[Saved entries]
________________________________________

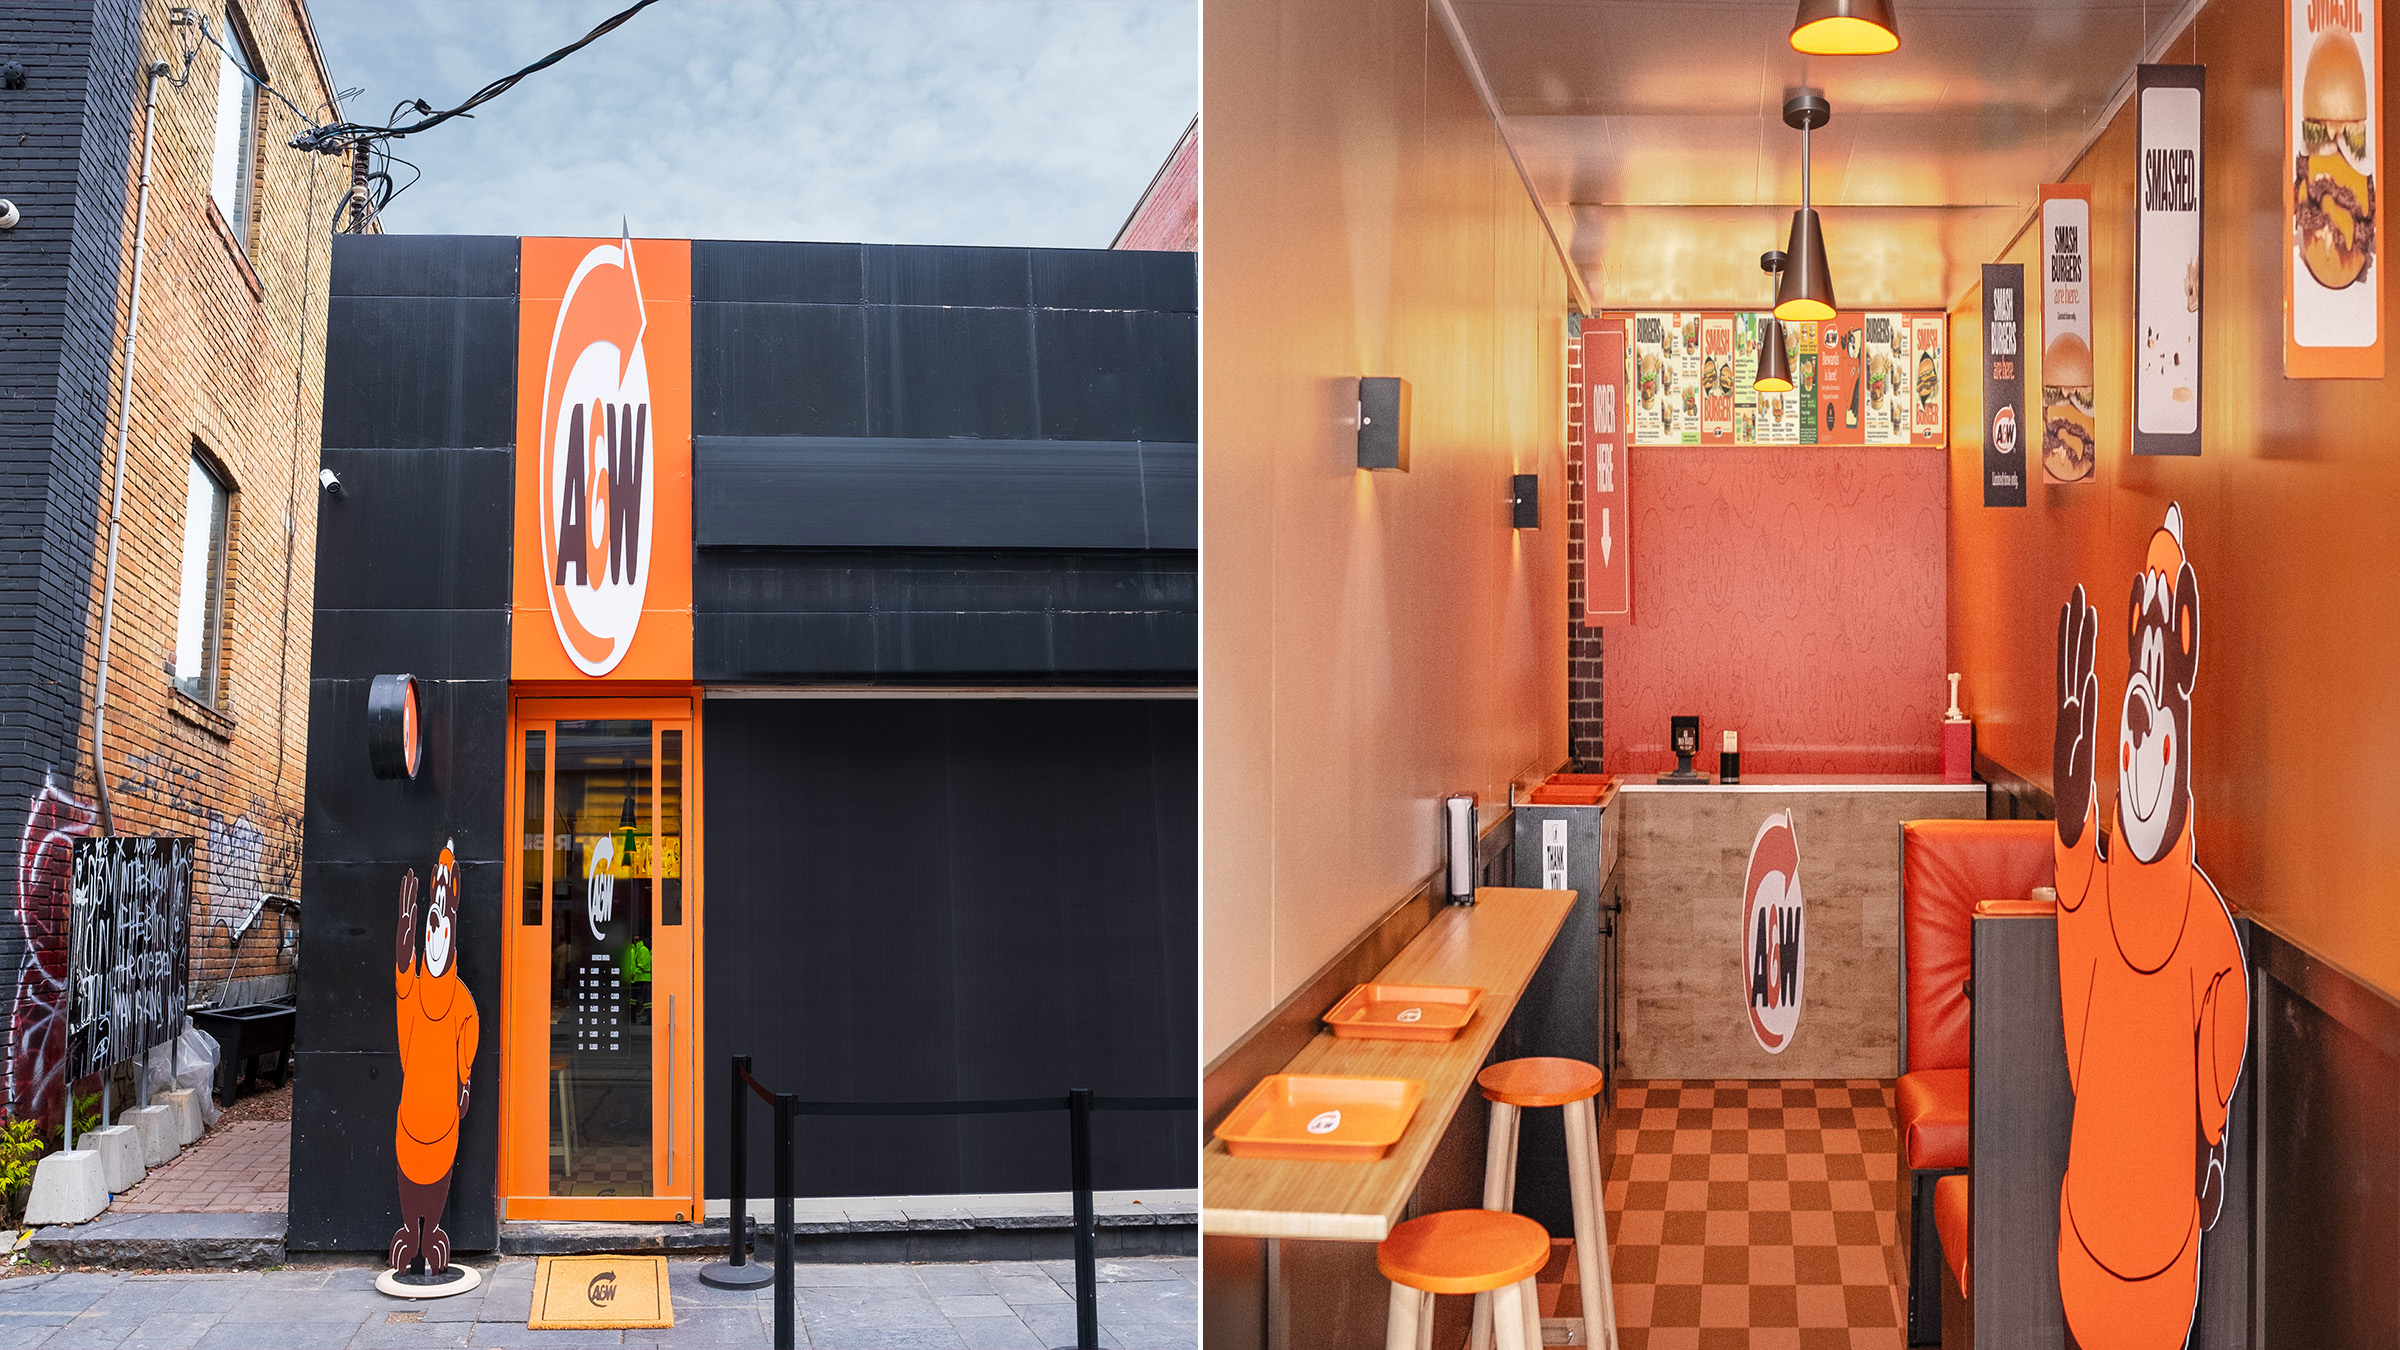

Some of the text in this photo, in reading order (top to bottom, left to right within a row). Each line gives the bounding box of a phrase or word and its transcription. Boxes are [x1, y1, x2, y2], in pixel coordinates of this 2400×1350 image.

[2145, 148, 2197, 212] SMASHED.
[2054, 226, 2078, 254] SMASH
[2051, 255, 2082, 283] BURGERS
[1993, 288, 2013, 321] SMASH
[2054, 288, 2064, 304] are
[1637, 318, 1661, 343] BURGERS
[1705, 328, 1730, 355] SMASH
[1866, 318, 1890, 343] BURGERS
[1916, 328, 1938, 351] SMASH
[1991, 321, 2017, 355] BURGERS
[1822, 351, 1840, 366] Rewards
[1993, 361, 2002, 379] are
[1593, 384, 1616, 433] ORDER
[1704, 395, 1731, 422] BURGER
[1996, 424, 2015, 444] A&W
[1596, 443, 1615, 492] HERE
[555, 397, 647, 591] A&W
[1547, 845, 1565, 871] THANK
[590, 872, 615, 923] A&W
[1751, 903, 1801, 1010] A&W
[592, 1284, 618, 1301] A&W
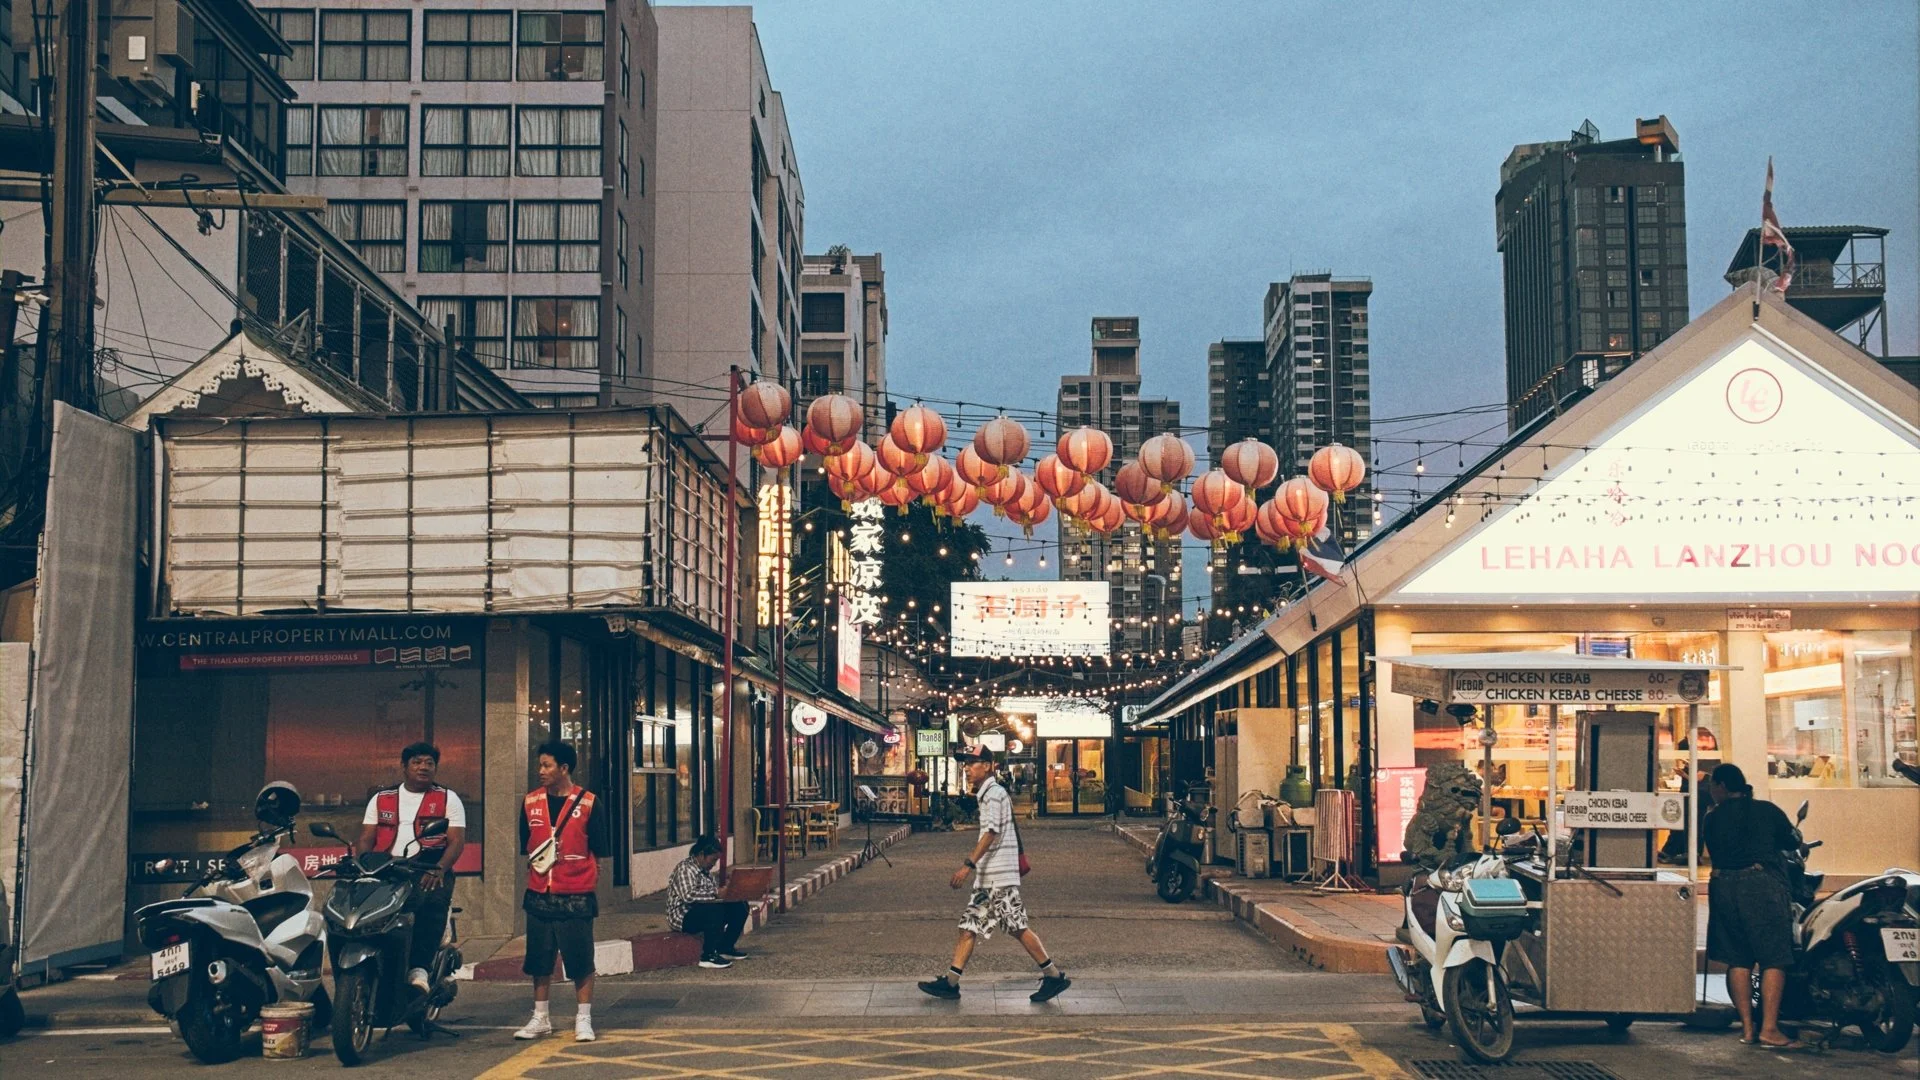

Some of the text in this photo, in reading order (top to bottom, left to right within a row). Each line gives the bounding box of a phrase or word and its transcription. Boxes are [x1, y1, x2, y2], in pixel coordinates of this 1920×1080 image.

________________________________________

• [Instructions for the task] Using the data above, write out every line exactly, leaving the images behind.

• [Answer to the problem]
Some of the text in this photo, in reading order (top to bottom, left to right within a row). Each line gives the bounding box of a phrase or word and its transcription. Boxes are [x1, y1, x2, y2], in pixel coordinates of this 2400×1350 image.

[2145, 148, 2197, 212] SMASHED.
[2054, 226, 2078, 254] SMASH
[2051, 255, 2082, 283] BURGERS
[1993, 288, 2013, 321] SMASH
[2054, 288, 2064, 304] are
[1637, 318, 1661, 343] BURGERS
[1705, 328, 1730, 355] SMASH
[1866, 318, 1890, 343] BURGERS
[1916, 328, 1938, 351] SMASH
[1991, 321, 2017, 355] BURGERS
[1822, 351, 1840, 366] Rewards
[1993, 361, 2002, 379] are
[1593, 384, 1616, 433] ORDER
[1704, 395, 1731, 422] BURGER
[1996, 424, 2015, 444] A&W
[1596, 443, 1615, 492] HERE
[555, 397, 647, 591] A&W
[1547, 845, 1565, 871] THANK
[590, 872, 615, 923] A&W
[1751, 903, 1801, 1010] A&W
[592, 1284, 618, 1301] A&W

Some of the text in this photo, in reading order (top to bottom, left to right within a row). Each line gives the bounding box of a phrase or word and its transcription. Boxes are [x1, y1, x2, y2], in pixel coordinates of this 1920×1080 image.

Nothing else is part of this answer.